Fortunately, headway is being made. Not-for-profit organizations such as the National Quality Forum, The Leapfrog Group, and Bridges to Excellence have all developed metrics for assessing quality. The simplest metrics, says Leapfrog Group acting CEO Karen Linscott, are procedural: for example, does the provider follow accepted best-practice procedures, such as administering beta blockers after a heart attack? Next in value are structural metrics: Does the provider have adequate staffing? Finally, there are outcome-based metrics: How do a hospital's infection and morbidity rates compare with its peers'? "Outcome metrics are the gold standard, but there aren't many of them," Linscott laments.

In addition to the work being done by not-for-profit organizations, some plans have started to identify subsets of higher-quality providers. But Nussbaum cautions that the exercise may need to be more rigorous. Right now, he says, some higher-performing networks include two-thirds of a plan's physicians, calling into question just how well they separate the wheat from the chaff. One problem: health plans are torn by the conflicting desire of participants and employers to be able to choose from many providers and the obvious benefit of including only top performers in networks.

Despite such caveats, one benefit Chesapeake Energy saw in moving to Blue Cross and Blue Shield of Oklahoma was its ability to pool claims data with others in the national Blue Cross Blue Shield Association. Specifically, Blue Cross allows participants to see data on providers across the nation in order to make educated choices.

The Downside of Empowerment

To be sure, the trend toward giving employees more control over health care runs risks. "To me, the real danger is that we lack the information required for consumers to behave in the way we hope they would," D'Andrea says. And John Asencio, senior vice president of Sibson Consulting, speculates that that is one reason why CDHPs have "not taken off."

D'Andrea also concedes that workers responsible for more of the first-dollar spend on health care might be tempted to seek care less aggressively. "That is the danger, but in some ways that's also the point of these plans — to ask employees to make that cost/benefit analysis," he says. The HealthPartners study, however, does indicate that employees did not avoid care but instead got preventive services.

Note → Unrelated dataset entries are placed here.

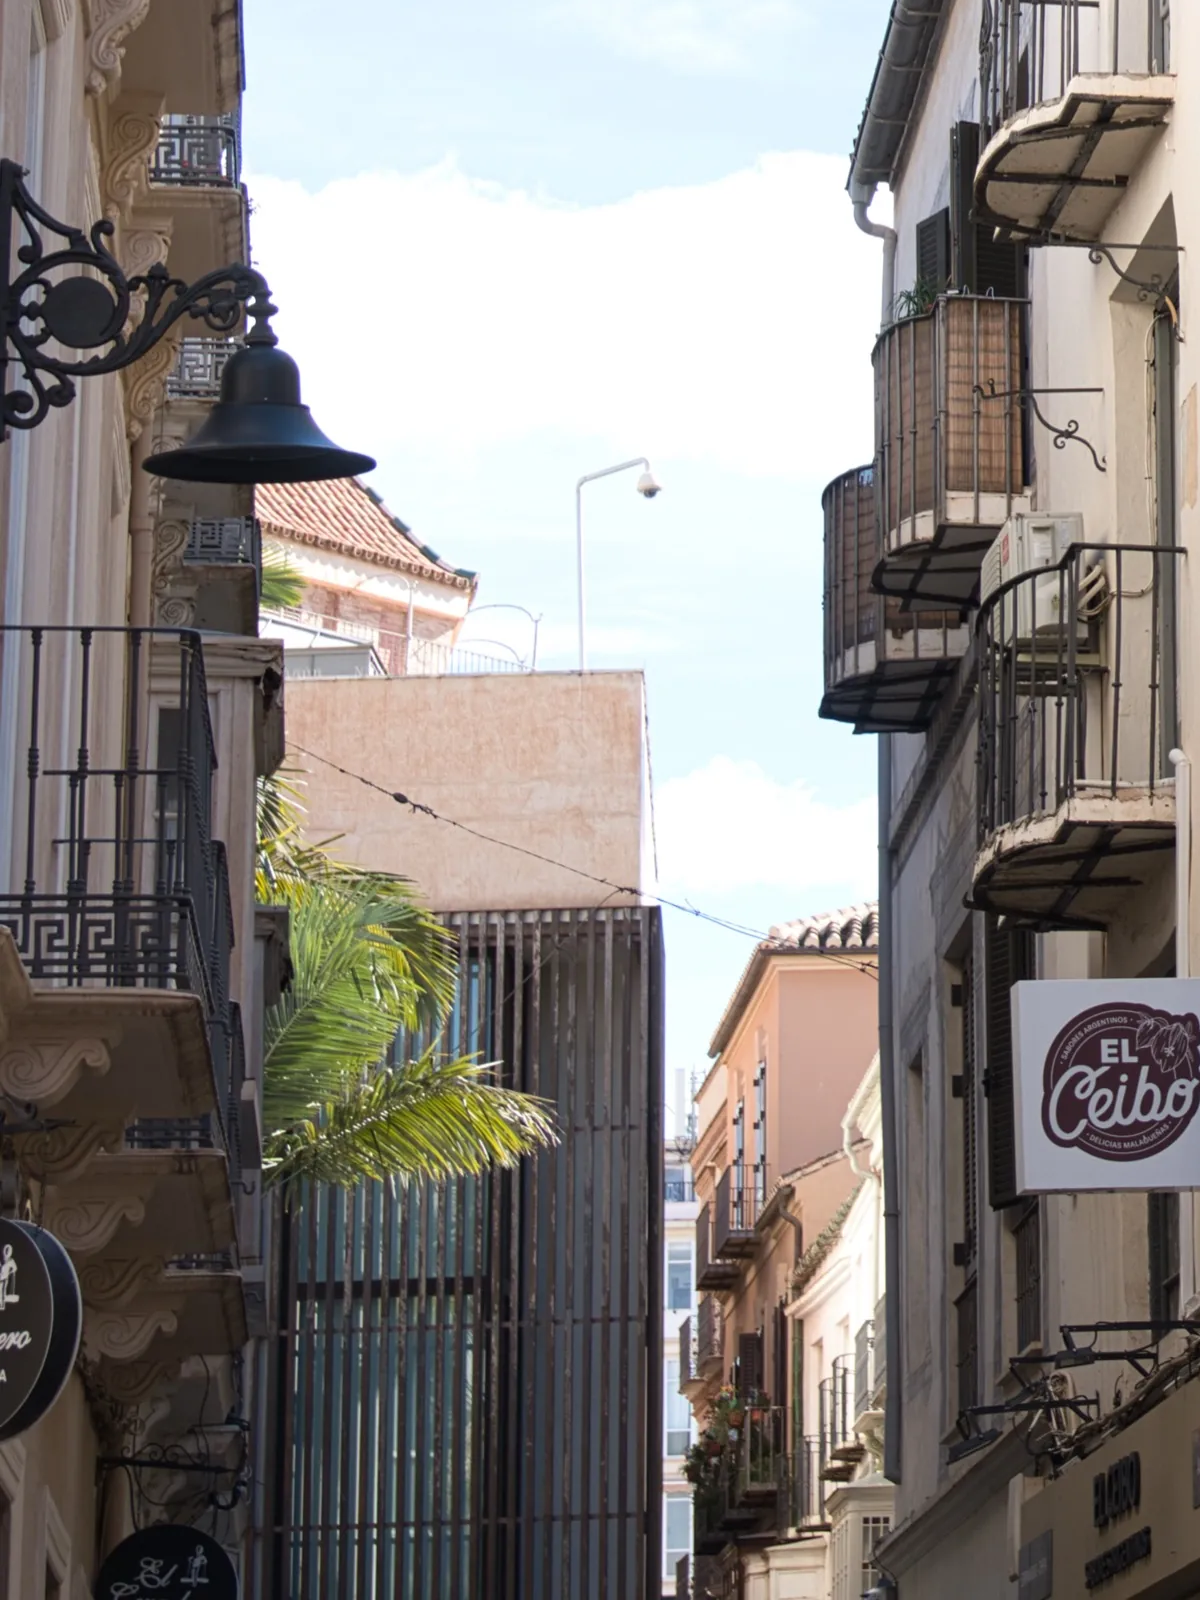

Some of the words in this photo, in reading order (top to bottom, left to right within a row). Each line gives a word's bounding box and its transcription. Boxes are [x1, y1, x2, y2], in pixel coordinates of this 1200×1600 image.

[1061, 1030, 1084, 1060] SABORES
[1083, 1016, 1129, 1035] ARGENTINOS
[1100, 1038, 1139, 1064] EL
[1048, 1064, 1200, 1141] Ceibo
[1089, 1134, 1122, 1149] DELICIAS
[134, 1557, 179, 1589] El

There is also a fiduciary risk associated with HRAs that should not be overlooked, says Chip Kerby, a partner with McDermott Will & Emery, especially since such accounts are not covered by ERISA. And ultimately the question must be asked: Could all this segmentation lead employers to hire only younger, healthier workers? It's an idea D'Andrea discounts. "To the extent that's a problem, it's a problem that already exists today," he explains. "A self-insured employer would have that incentive today, and I don't think it's a pervasive problem."

Perhaps not. But the jury is still out on whether consumerism is the answer to all that ails health-care economics.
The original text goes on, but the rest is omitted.